A lot of times I understand that the examiner may not understand the complexities of cash balance management. They keep bringing it closer to peer average. It is things like that that I will come in and explain. The first thing I ask that I used to have much more benefit in the Southeast was, “Who is your examiner?” If I knew the examiner then each examiner has their particulars. I would drive it through that person’s thinking pattern to get them to understand where they are coming from, give thoughts to go back and discuss with them. It has been very successful. It is like what you are doing. A simple way of explaining that is interpreting French to English and vice versa and then making sure that they meet in the middle on getting to a point of agreement.
We are the journey that we have taken to this point in time. If you are dealing with an examiner who has an interest in lending as opposed to accounting or information system as opposed to accounting, they tend to highlight that area more because it is the background that they come from. They have other team members and specialists that interact with that. It can get real complicated from the NCUA side. Having someone like you out there in the Southeast can help the credit unions that might be dealing with that. Relative to the liquidity as it relates to real estate lending because real estate lending continues to become a bigger part of credit unions’ balance sheets.
I can see why the Federal Home Loan Bank has more and more credit unions involved in it. I was also looking in 2013 or 2014 when NCUA came out with the regulation requiring an investment policy and having more robust contingencies in place for liquidity whether it is the Fed or the Federal Home Loan Bank. I am guessing if you went back to that period, that might have been where you had quite a bit of your growth where they were trying to comply with the new regulation.
I wanted to make sure that the bank had a relationship. At least Atlanta had a relationship with NCUA folks who dealt with that. That is the capital market area. We wanted to make sure that we talked the same language and NCUA understood Federal Home Loan Bank’s role very clearly. We dealt with Federal Home Loan Banks when we were dealing with the corporates. That experience may not have been as popular as we wanted it to be. We had to define how it would use it at the regular credit union level and make sure that NCUA credit unions trade and everybody else understands that we are all strategic partners, ensuring that credit unions are safe and sound. The industry grows and has the tools to be able to compete in financial services in both regulated and unregulated markets.

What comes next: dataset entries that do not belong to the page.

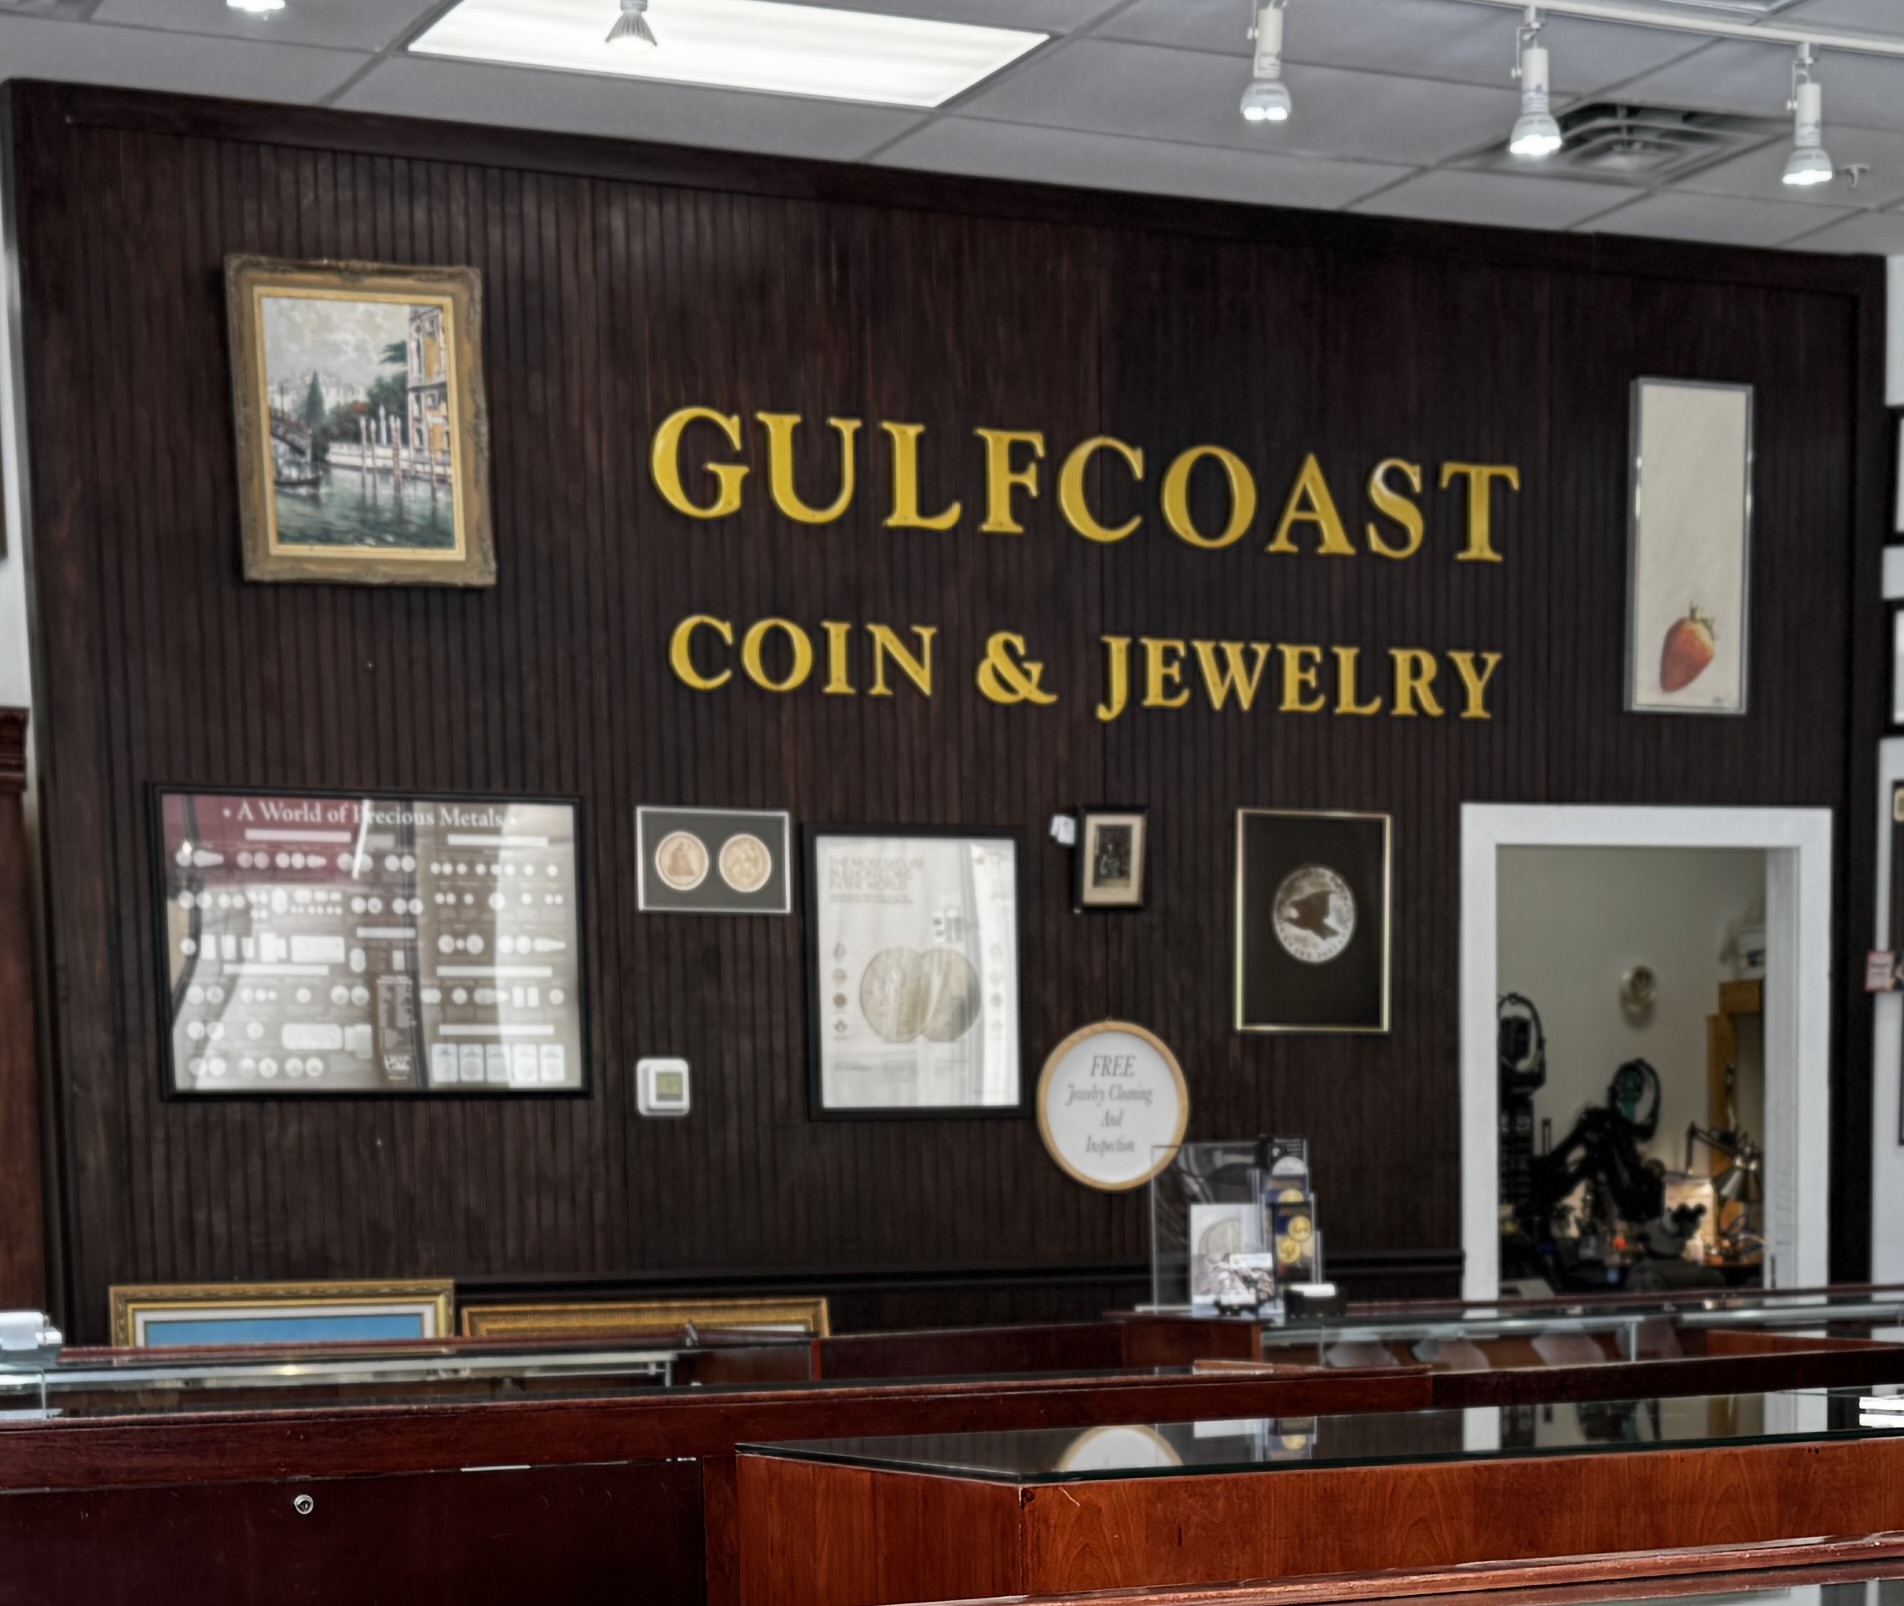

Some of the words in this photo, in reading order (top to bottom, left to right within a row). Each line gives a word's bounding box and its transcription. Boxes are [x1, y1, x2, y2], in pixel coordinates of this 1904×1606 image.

[651, 406, 1521, 562] GULFCOAST
[668, 614, 937, 697] COIN
[977, 632, 1058, 705] &
[1096, 635, 1502, 721] JEWELRY
[237, 801, 254, 820] A
[260, 802, 323, 822] World
[327, 803, 349, 823] of
[440, 808, 503, 827] Metals
[1090, 1055, 1136, 1078] FREE
[1065, 1083, 1105, 1106] Jewelry
[1108, 1083, 1153, 1106] Cleaning
[1100, 1109, 1124, 1128] And
[1086, 1134, 1135, 1158] Inspection
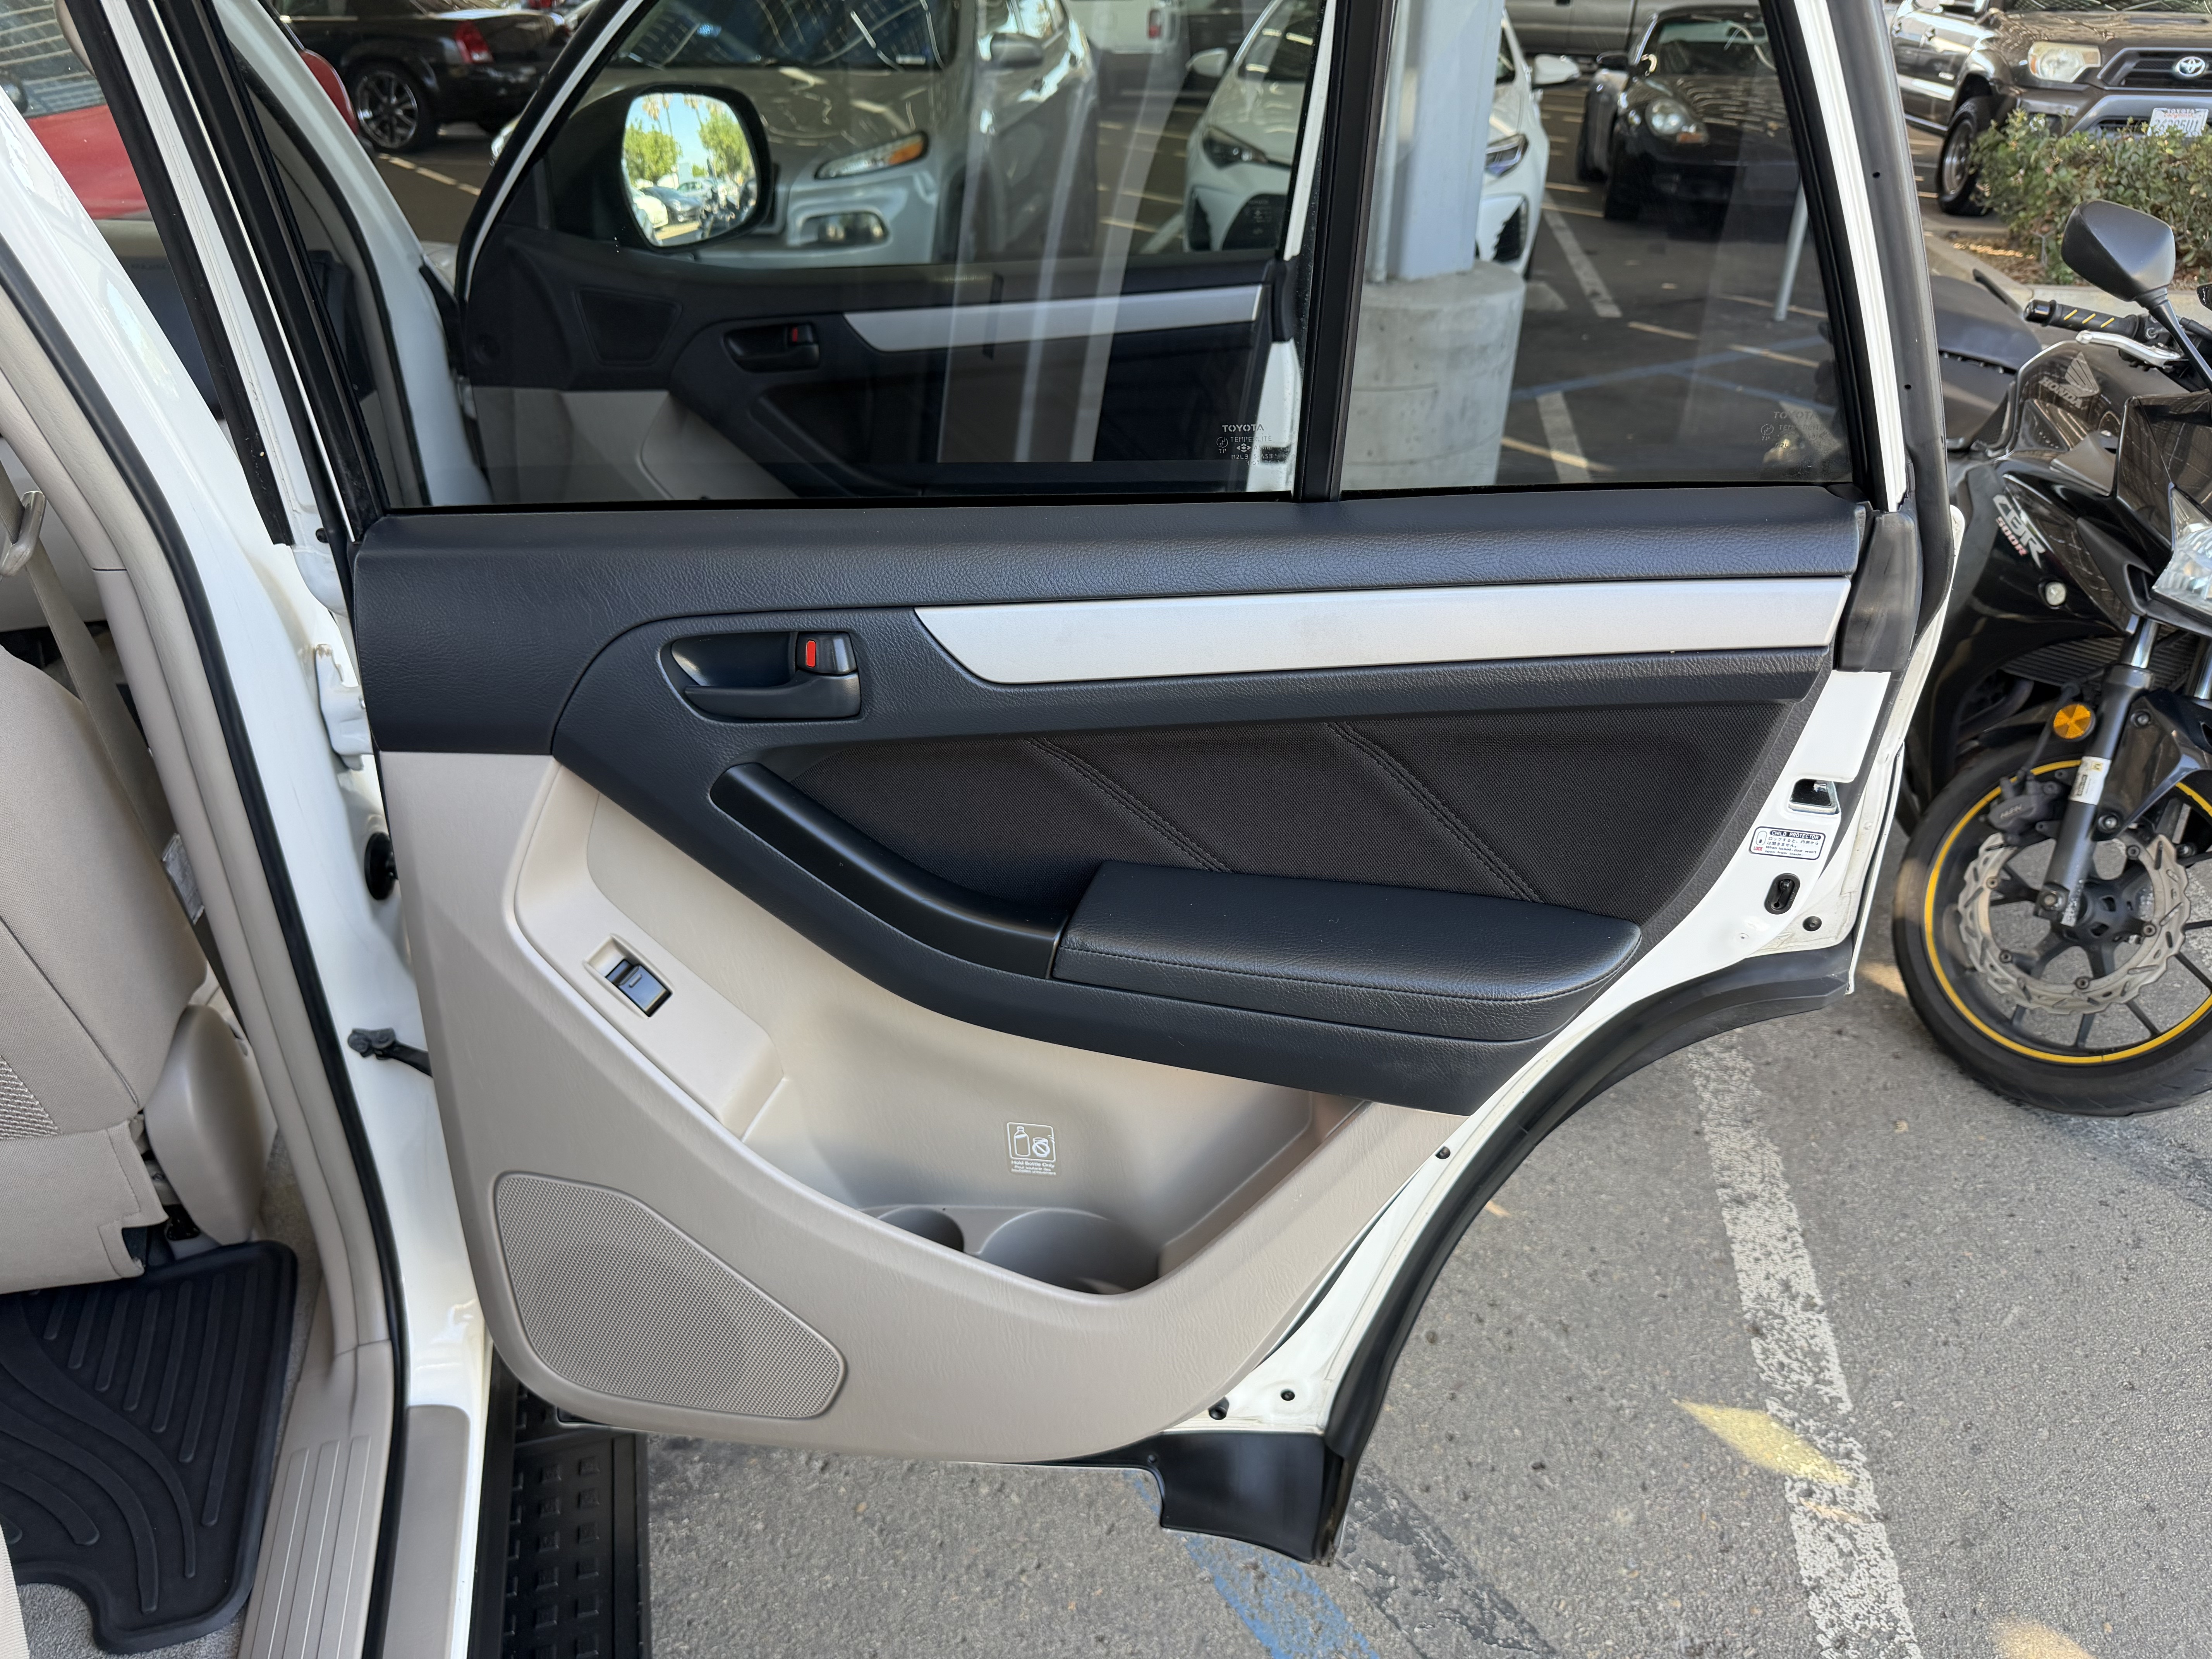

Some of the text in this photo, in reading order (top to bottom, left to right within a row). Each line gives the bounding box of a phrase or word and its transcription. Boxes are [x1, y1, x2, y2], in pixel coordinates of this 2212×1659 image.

[2039, 376, 2082, 409] HONDA
[1222, 424, 1264, 432] TOYOTA
[1993, 494, 2046, 569] CBR

Part of my journey included making sure I am in touch with NCUA folks and they come down to our conferences. My colleagues and I have spoken at NCUA’s capital market training sessions to make sure we are on the same sheet of music and all holding hands. The way I try to get folks to visualize that is through my efforts in hurricanes in the Southeast. I got to Atlanta in ’97. I had to deal with hurricanes in 2004, which helped me during Katrina. To me, a hurricane was a big tornado. I am from the Midwest and I was like, “What is the big deal?”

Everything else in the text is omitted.